Collected data
^^^^

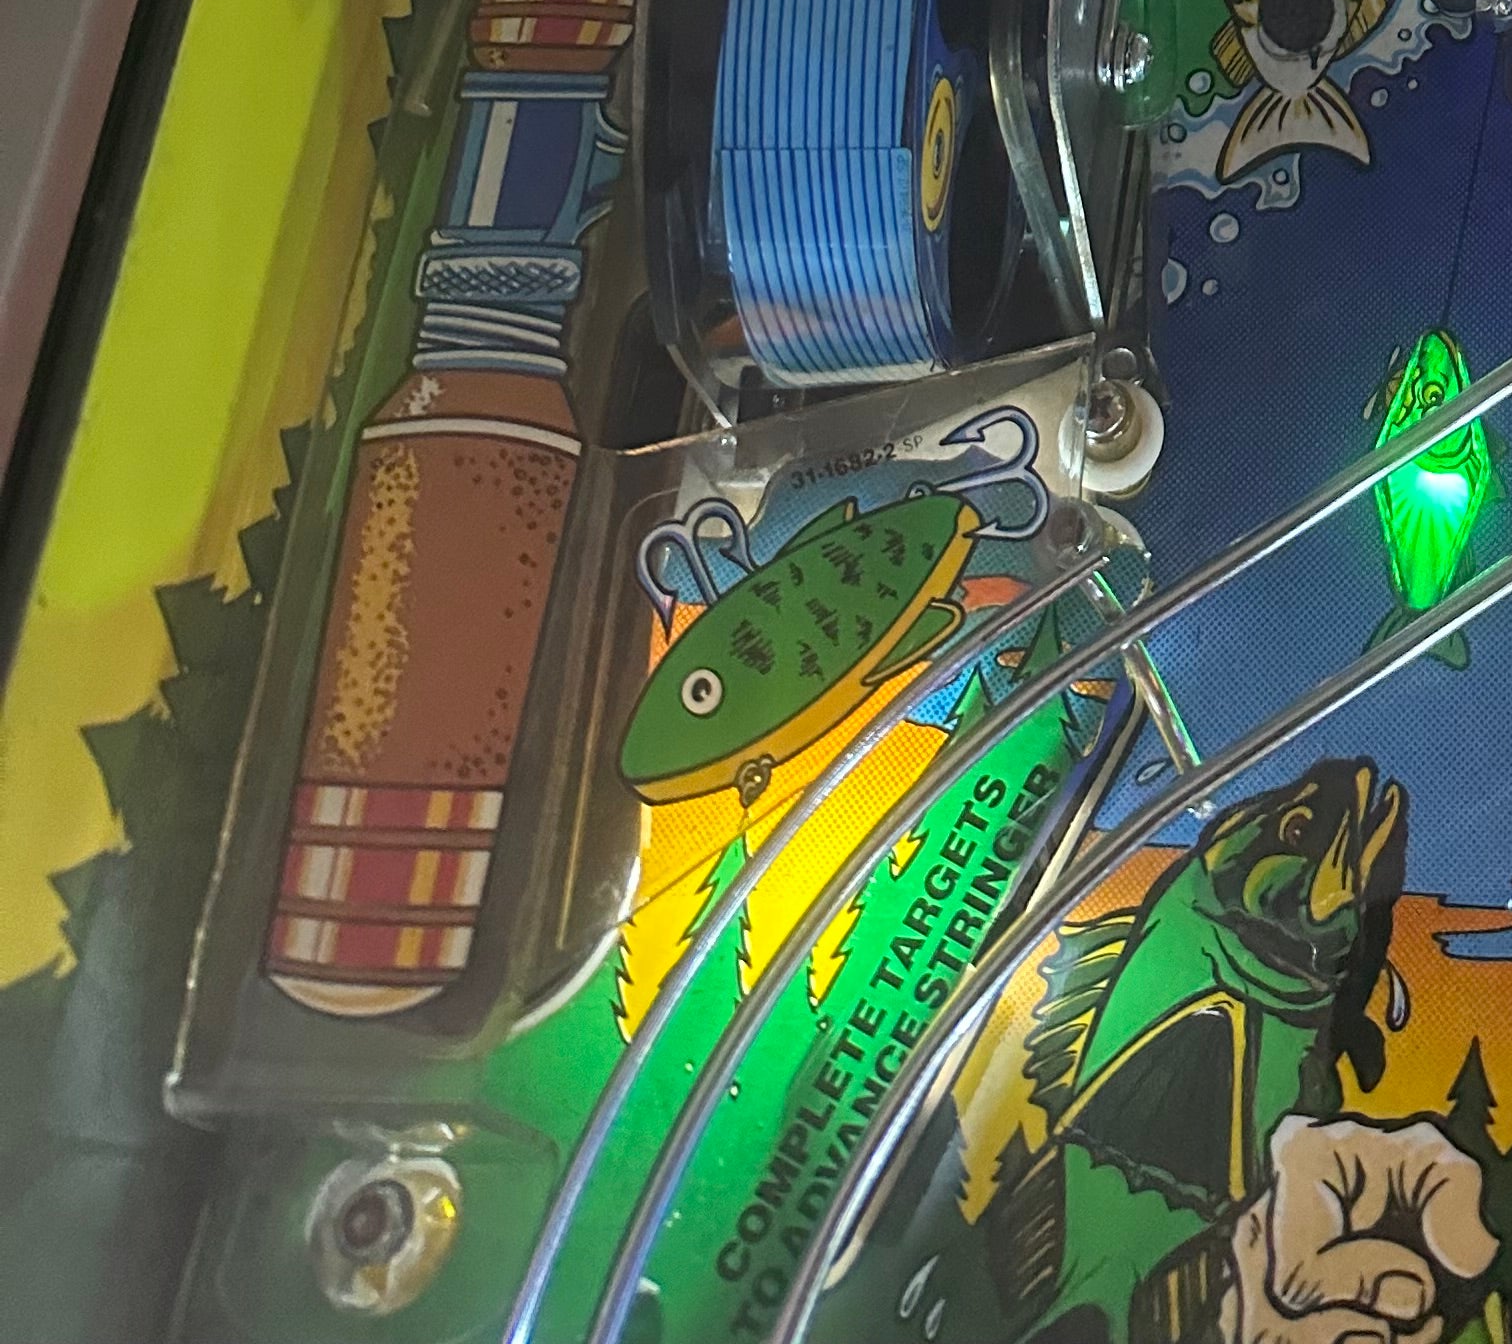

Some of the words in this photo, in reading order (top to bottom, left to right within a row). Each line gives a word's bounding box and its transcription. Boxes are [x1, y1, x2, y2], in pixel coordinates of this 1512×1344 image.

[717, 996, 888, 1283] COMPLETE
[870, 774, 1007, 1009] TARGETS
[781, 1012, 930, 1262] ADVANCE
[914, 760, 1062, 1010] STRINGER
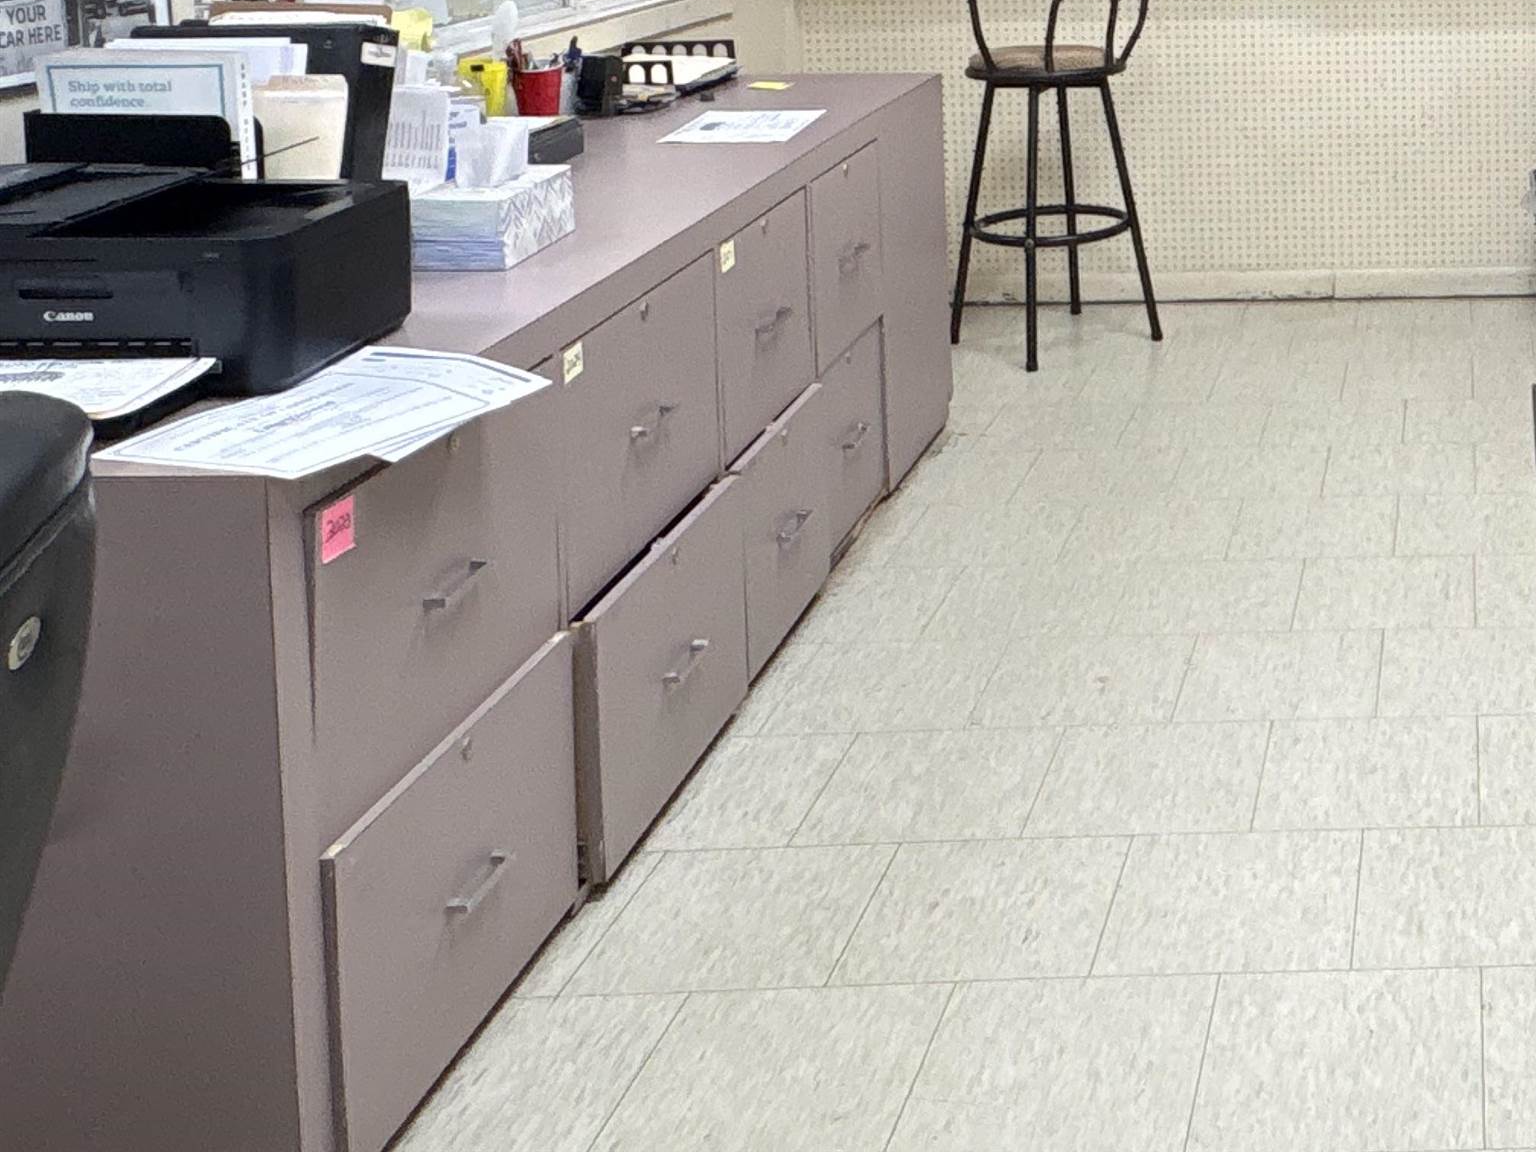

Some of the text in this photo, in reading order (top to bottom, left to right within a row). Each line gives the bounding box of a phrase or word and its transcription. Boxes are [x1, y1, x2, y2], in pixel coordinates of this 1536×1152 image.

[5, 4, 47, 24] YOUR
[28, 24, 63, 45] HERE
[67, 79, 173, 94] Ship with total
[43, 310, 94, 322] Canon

^^^^

#### [WORK ORDER]
The answer must be an exact restatement of all the records, with no pictures included.

#### [SOLUTION TO THE EXERCISE]
Some of the words in this photo, in reading order (top to bottom, left to right within a row). Each line gives a word's bounding box and its transcription. Boxes are [x1, y1, x2, y2], in pixel coordinates of this 1512×1344 image.

[717, 996, 888, 1283] COMPLETE
[870, 774, 1007, 1009] TARGETS
[781, 1012, 930, 1262] ADVANCE
[914, 760, 1062, 1010] STRINGER

Some of the text in this photo, in reading order (top to bottom, left to right within a row). Each line gives the bounding box of a phrase or word and its transcription. Boxes are [x1, y1, x2, y2], in pixel coordinates of this 1536×1152 image.

[5, 4, 47, 24] YOUR
[28, 24, 63, 45] HERE
[67, 79, 173, 94] Ship with total
[43, 310, 94, 322] Canon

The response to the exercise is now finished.